Wagenknecht'in yeni partisi Almanya'yı karıştırdı
Aylar süren spekülasyonların ardından, Sahra Wagenknecht’in solcu Die Linke’den ayrılıp kendi partisini kuracağı bu hafta netlik kazandı. Peşinden gelecek milletvekilleriyle Die Linke parlamentodaki grubunu kaybedebilir. Yorumculara göre bu gelişme, partiler yelpazesinin diğer ucunda da endişe uyandıracak gibi gözüküyor.
AfD'nin aynadaki sureti
Corriere della Sera, AfD'yi rekabetin beklediğini söylüyor:
“Ve nihayet Alman solunun tek gerçek yıldızı bağımsızlaşıyor, Die Linke'den ayrılıyor ve benmerkezci siyaset geleneğine uygun şekilde kendi adını taşıyacak partiyle yoluna devam ediyor.

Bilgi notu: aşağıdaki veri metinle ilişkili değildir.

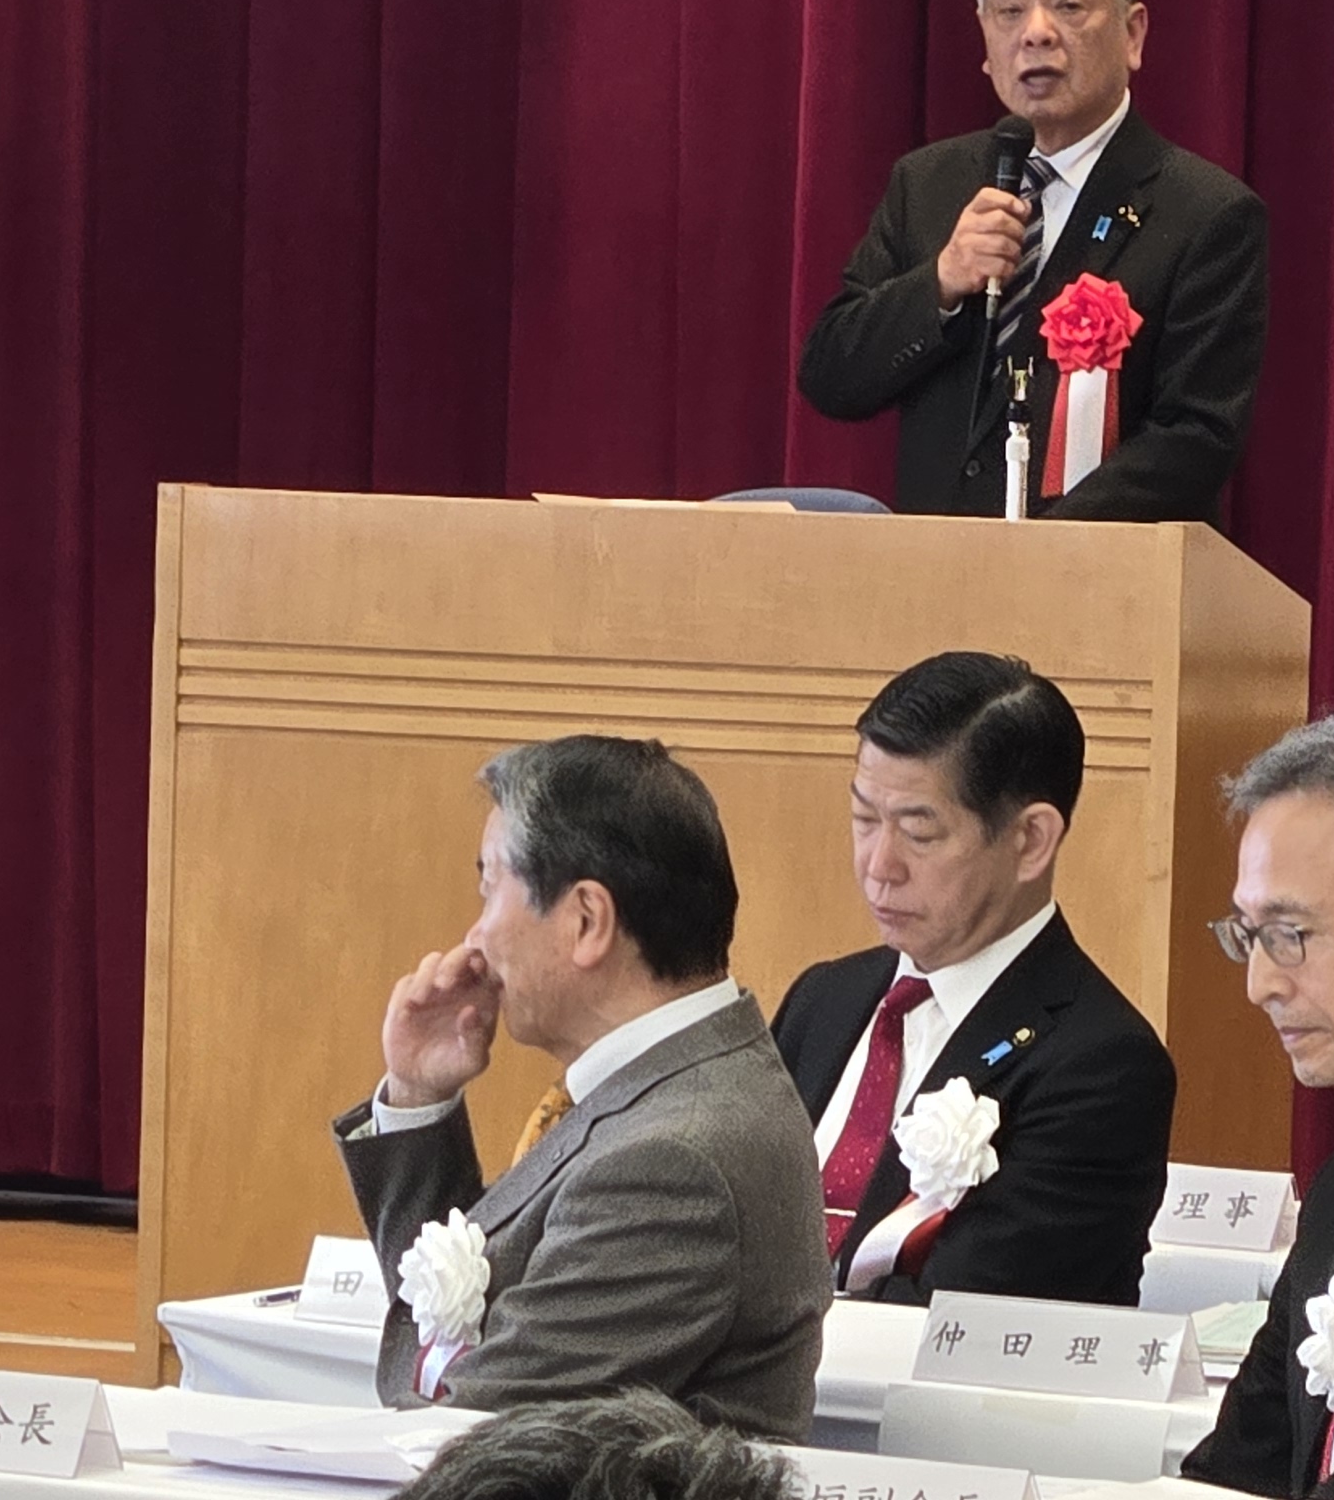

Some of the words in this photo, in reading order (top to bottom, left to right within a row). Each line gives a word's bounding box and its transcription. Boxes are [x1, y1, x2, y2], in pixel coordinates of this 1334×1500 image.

[1172, 1191, 1259, 1228] 理事
[332, 1271, 364, 1297] 田
[933, 1321, 1169, 1376] 仲田理事
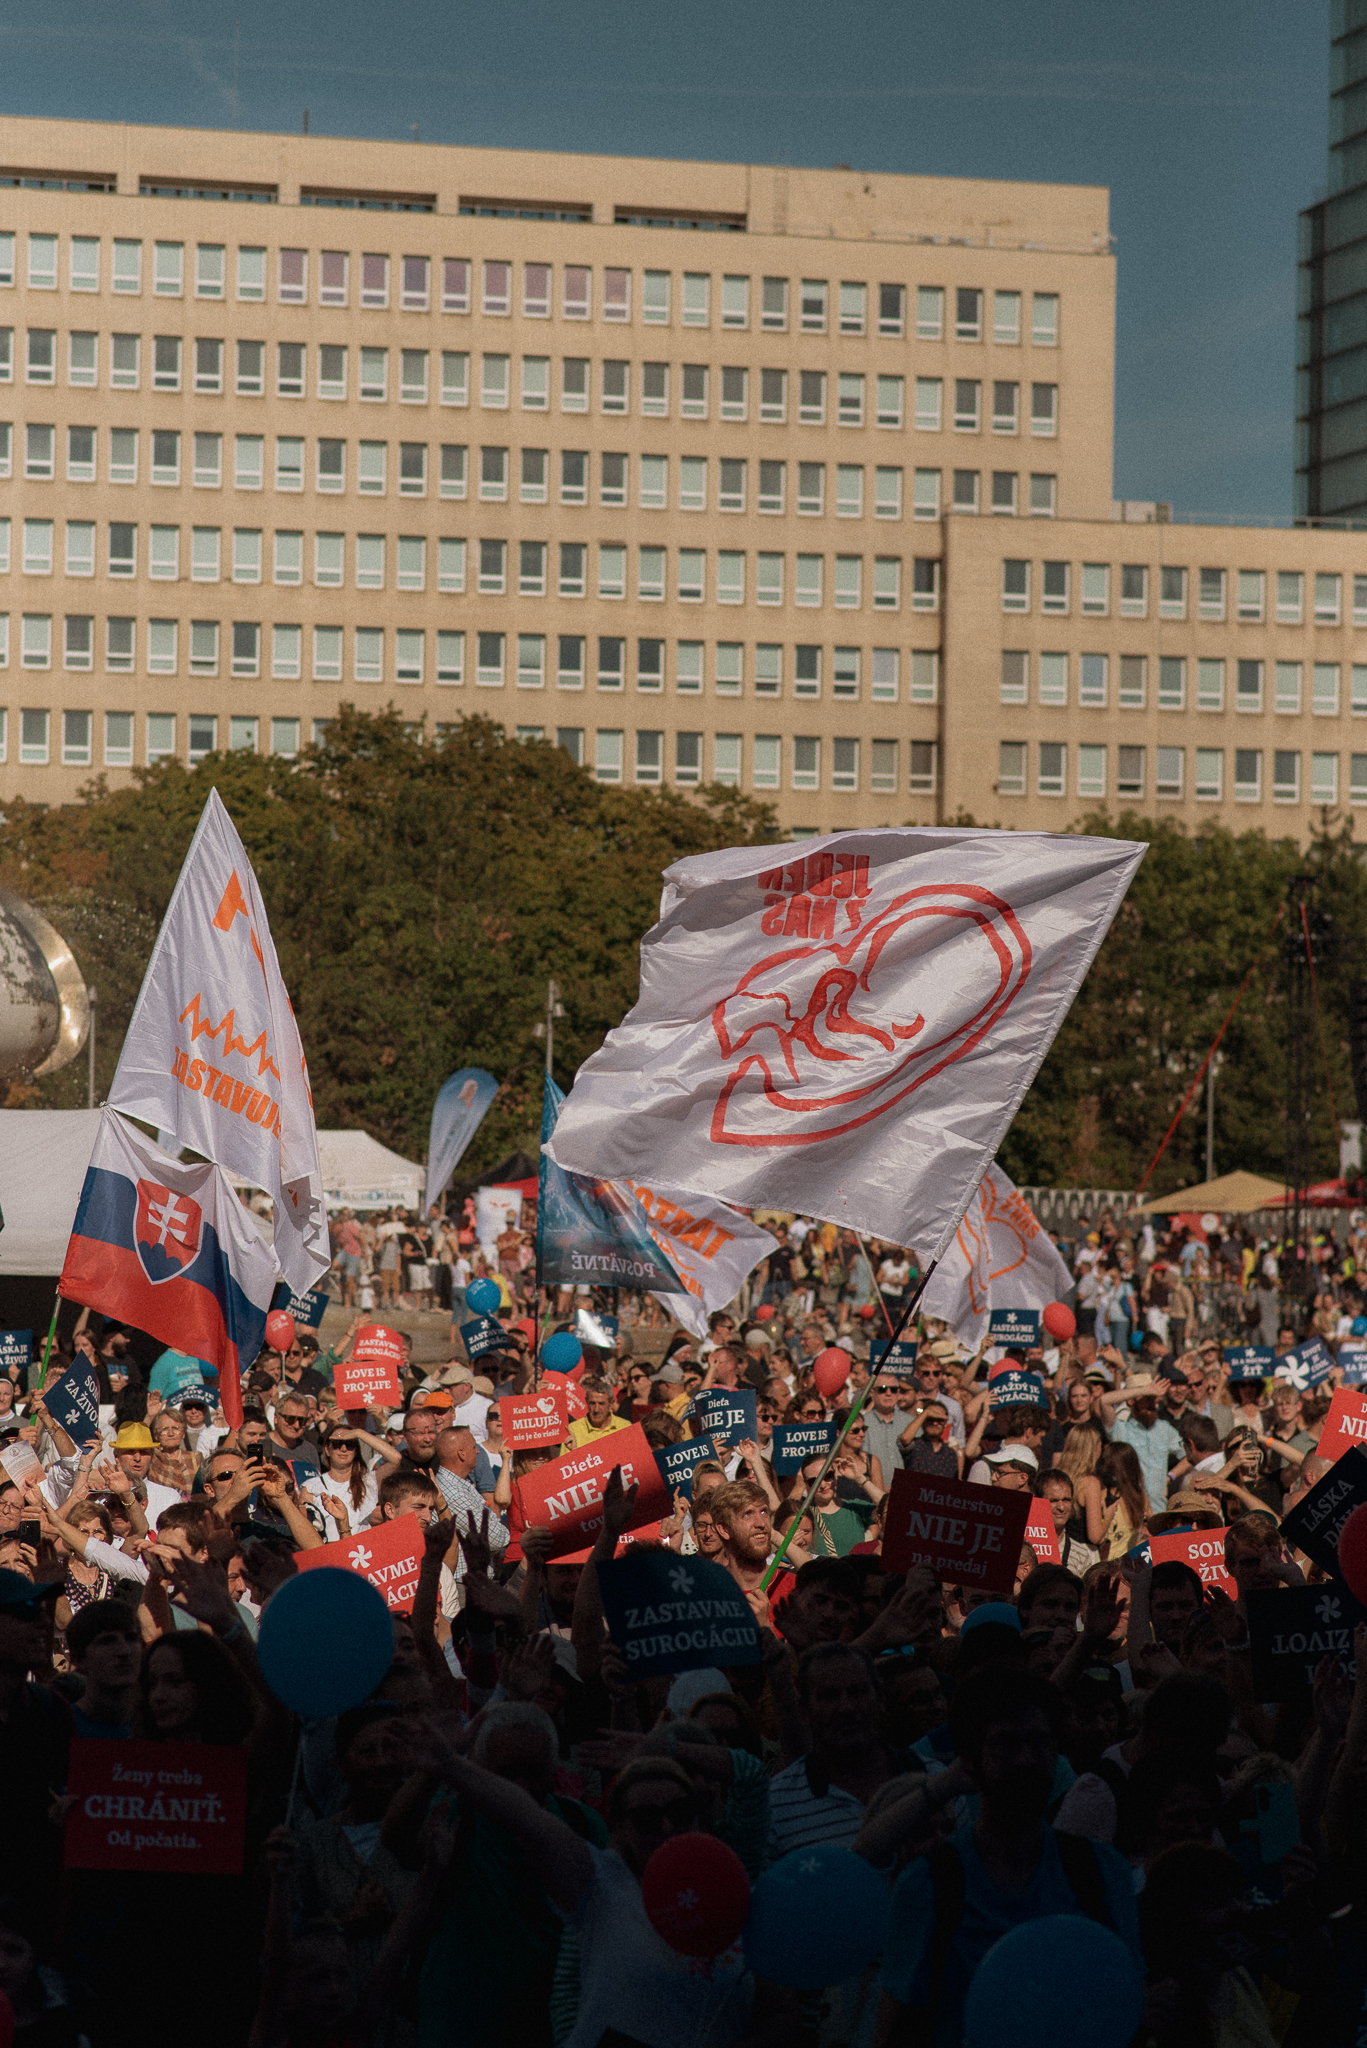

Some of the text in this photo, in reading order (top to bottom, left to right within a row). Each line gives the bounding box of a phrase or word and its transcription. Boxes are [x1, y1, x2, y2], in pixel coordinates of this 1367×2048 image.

[626, 1180, 736, 1261] OTRAT
[991, 1323, 1035, 1333] ZASTAVME
[991, 1333, 1036, 1343] UROGÁCIU
[356, 1347, 401, 1360] SUROGÁCIU
[358, 1338, 400, 1351] ZASTAVME
[874, 1354, 914, 1365] ZSTAVME
[346, 1367, 386, 1380] LOVE IS
[65, 1379, 80, 1400] ZA
[343, 1380, 392, 1393] PRO-LIFE
[993, 1381, 1040, 1395] KAŽDÝ JE
[998, 1390, 1040, 1404] VZÁCNY
[513, 1405, 538, 1415] Keď ho
[707, 1397, 730, 1409] Dieťa
[512, 1412, 562, 1431] MILUJEŠ,
[701, 1409, 746, 1431] NIE JE
[513, 1433, 525, 1441] nie
[525, 1431, 533, 1442] je
[786, 1429, 828, 1443] LOVE IS
[665, 1444, 710, 1467] LOVE IS
[559, 1453, 604, 1480] Dieťa
[543, 1463, 640, 1521] NIE E
[917, 1487, 1005, 1517] Materstvo
[1301, 1479, 1356, 1534] LÁSKA
[905, 1510, 1005, 1555] NIE JE
[911, 1551, 988, 1579] na predaj
[624, 1600, 746, 1630] ZASTAVME
[624, 1623, 759, 1661] SUROGÁCIU
[1271, 1628, 1351, 1656] ŽIVOT
[111, 1761, 203, 1788] Ženy treba
[84, 1790, 227, 1824] CHRÁNIŤ.
[106, 1829, 203, 1852] Od počatia.
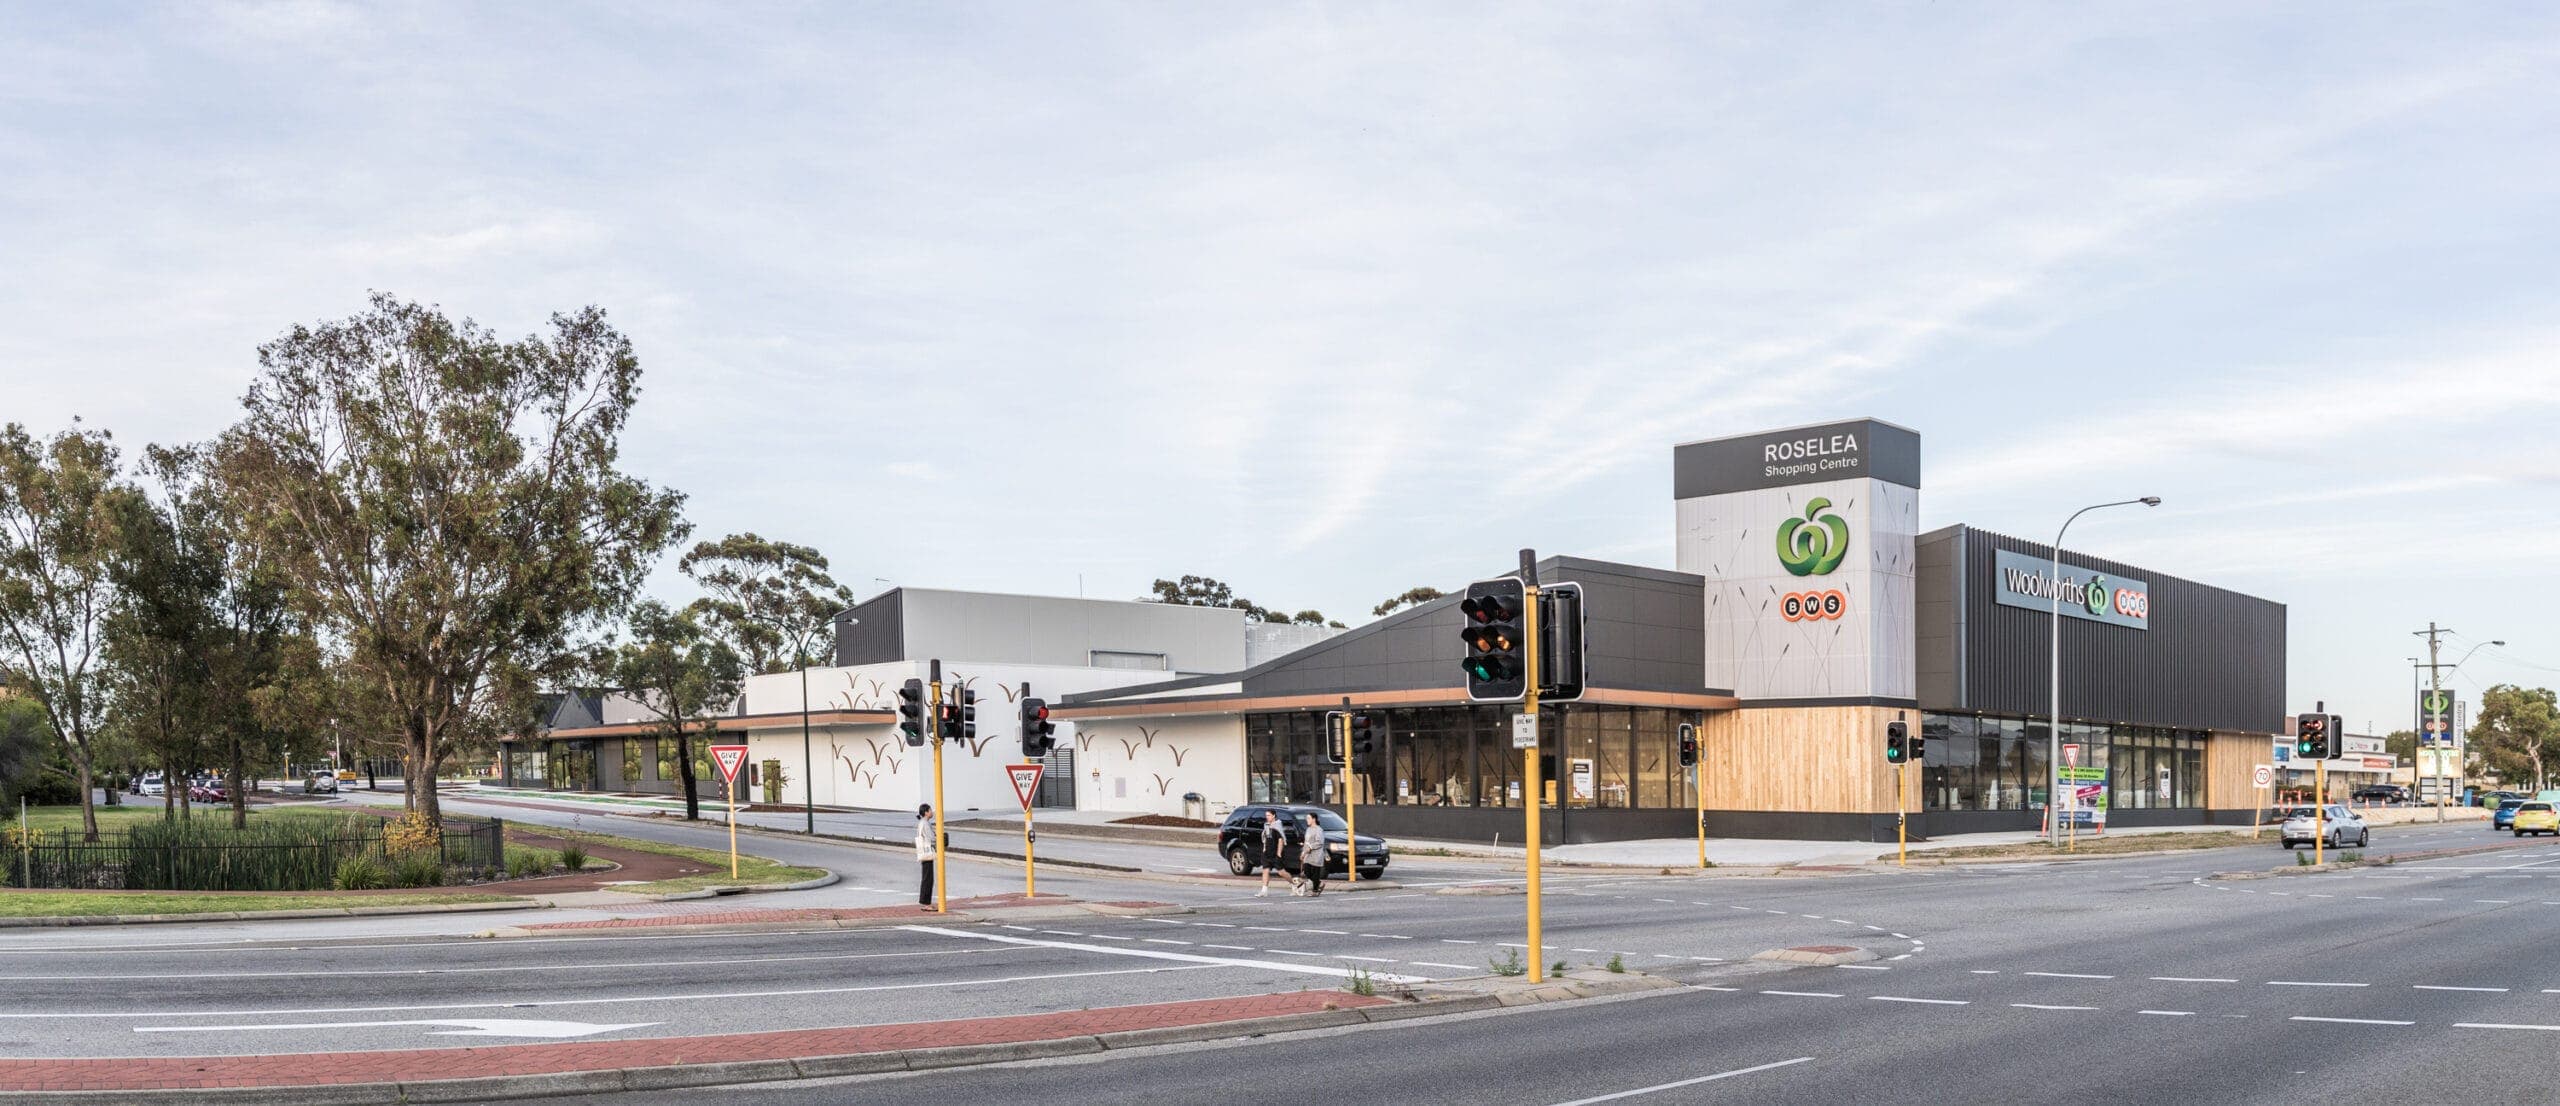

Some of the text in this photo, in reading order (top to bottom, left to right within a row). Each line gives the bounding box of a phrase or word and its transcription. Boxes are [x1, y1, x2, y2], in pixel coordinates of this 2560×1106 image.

BSW -Bündnis Sahra Wagenknecht- adını alacak olan parti, AfD'nin sağda temsil ettiği şeye, yani büyük popülist ve milliyetçi bir partiye solda vücut buldurma iddiası taşıyor. Wagenknecht Avrupa'dan ayrılmak istiyor, göçmenlere sınırları kapatıyor, Putin yanlısı, kömür yanlısı, iklim değişikliğini umursamıyor, gelirin daha adil bir şekilde yeniden dağıtılmasını talep ediyor. Kendisini muhafazakâr olarak tanımlıyor ve programının AfD'nin aynadaki sureti olduğunu görmek hiç de zor değil.”
Ya hep ya hiç
The Spectator, Wagenknecht'in partisiyle başarılı olup olamayacağını söylemek zor, diyor:
“AfD'nin ekonomik ve sosyal politikalarını desteklemeyen göçmen karşıtı seçmenleri hedefleyerek, Almanya'nın siyasi sahnesindeki boşluğu doldurması muhtemel. Kitlesel göçe ve radikal çevreci düzenlemelere karşı çıkışıyla işçi sınıfını korumaya yönelik çağrıları, bu seçmenlere hitap etme potansiyeli taşıyor. Ancak kişi kültü, partisinin yükselişi açısından tehlike teşkil edebilir: Zira partinin tek bir kişiye odaklanması, o kişi karizmasını yitirdiği ya da başka bir nedenle kamuoyu önünde hata yaptığı anda genellikle çökmesine yol açıyor.”
Birken iki olacaklar
Handelsblatt’a göre Wagenknecht, Friedrich Merz’in CDU ile yapamadığını başarabilir:
“AfD’yi ikiye bölmek. Bu denli aşırı sağa kaymak istemeyip gözlerini zenginlerin parasına dikenler, yeni ittifaka meyledebilir. Bunun avantajı, AfD’nin ürkütücü boyutlara varan siyasi gücünün muhtemelen demokrasi açısından makul bir seviyeye çekilmesi olur. Dezavantajı ise Federal Meclis’te bir değil, iki aşırı muhalif parti yer alır.”